--- START ---

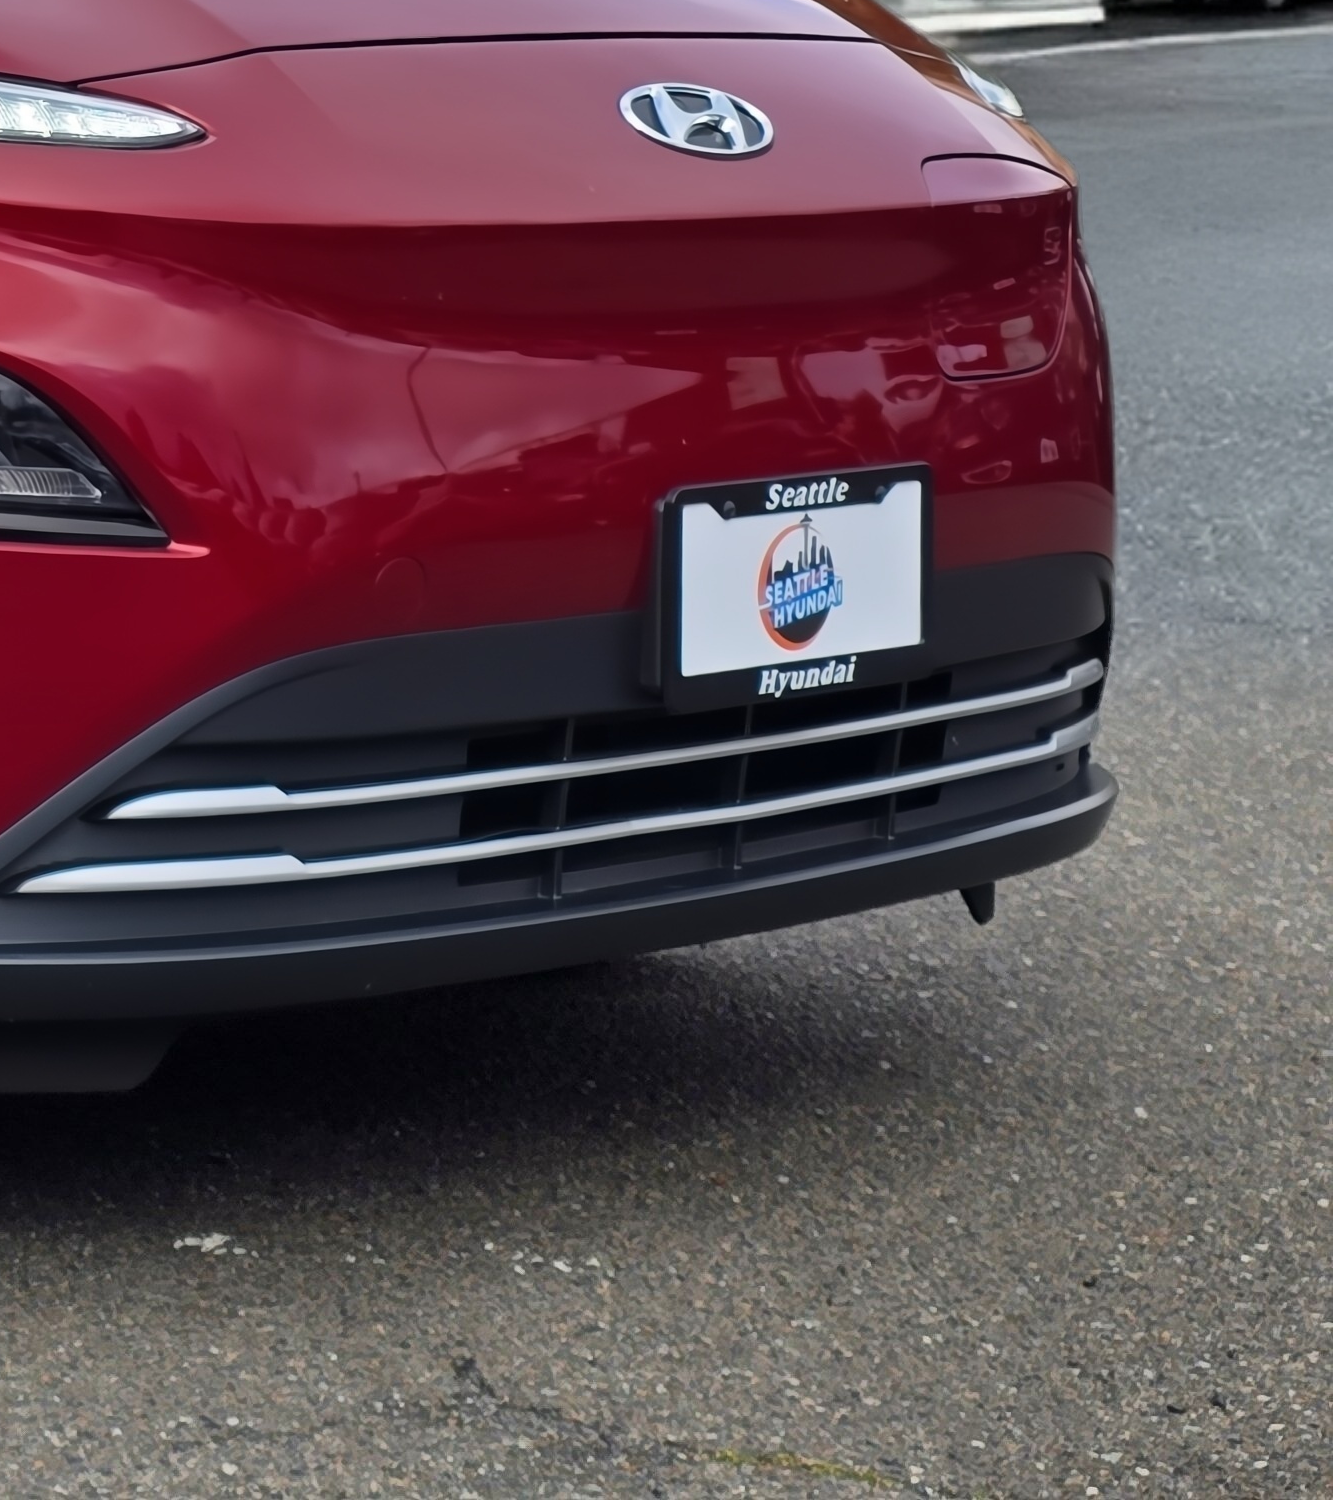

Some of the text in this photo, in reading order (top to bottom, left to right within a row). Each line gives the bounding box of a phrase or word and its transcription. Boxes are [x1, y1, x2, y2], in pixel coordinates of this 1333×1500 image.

[765, 477, 850, 511] Seattle
[765, 563, 829, 606] SEATTLE
[773, 577, 843, 629] HYUNDAI
[758, 656, 857, 698] Hyundai

--- END ---

**About this exercise:** Repeat the listing exactly, minus its pictures.

**Result of this task:**
Some of the text in this photo, in reading order (top to bottom, left to right within a row). Each line gives the bounding box of a phrase or word and its transcription. Boxes are [x1, y1, x2, y2], in pixel coordinates of this 1333×1500 image.

[765, 477, 850, 511] Seattle
[765, 563, 829, 606] SEATTLE
[773, 577, 843, 629] HYUNDAI
[758, 656, 857, 698] Hyundai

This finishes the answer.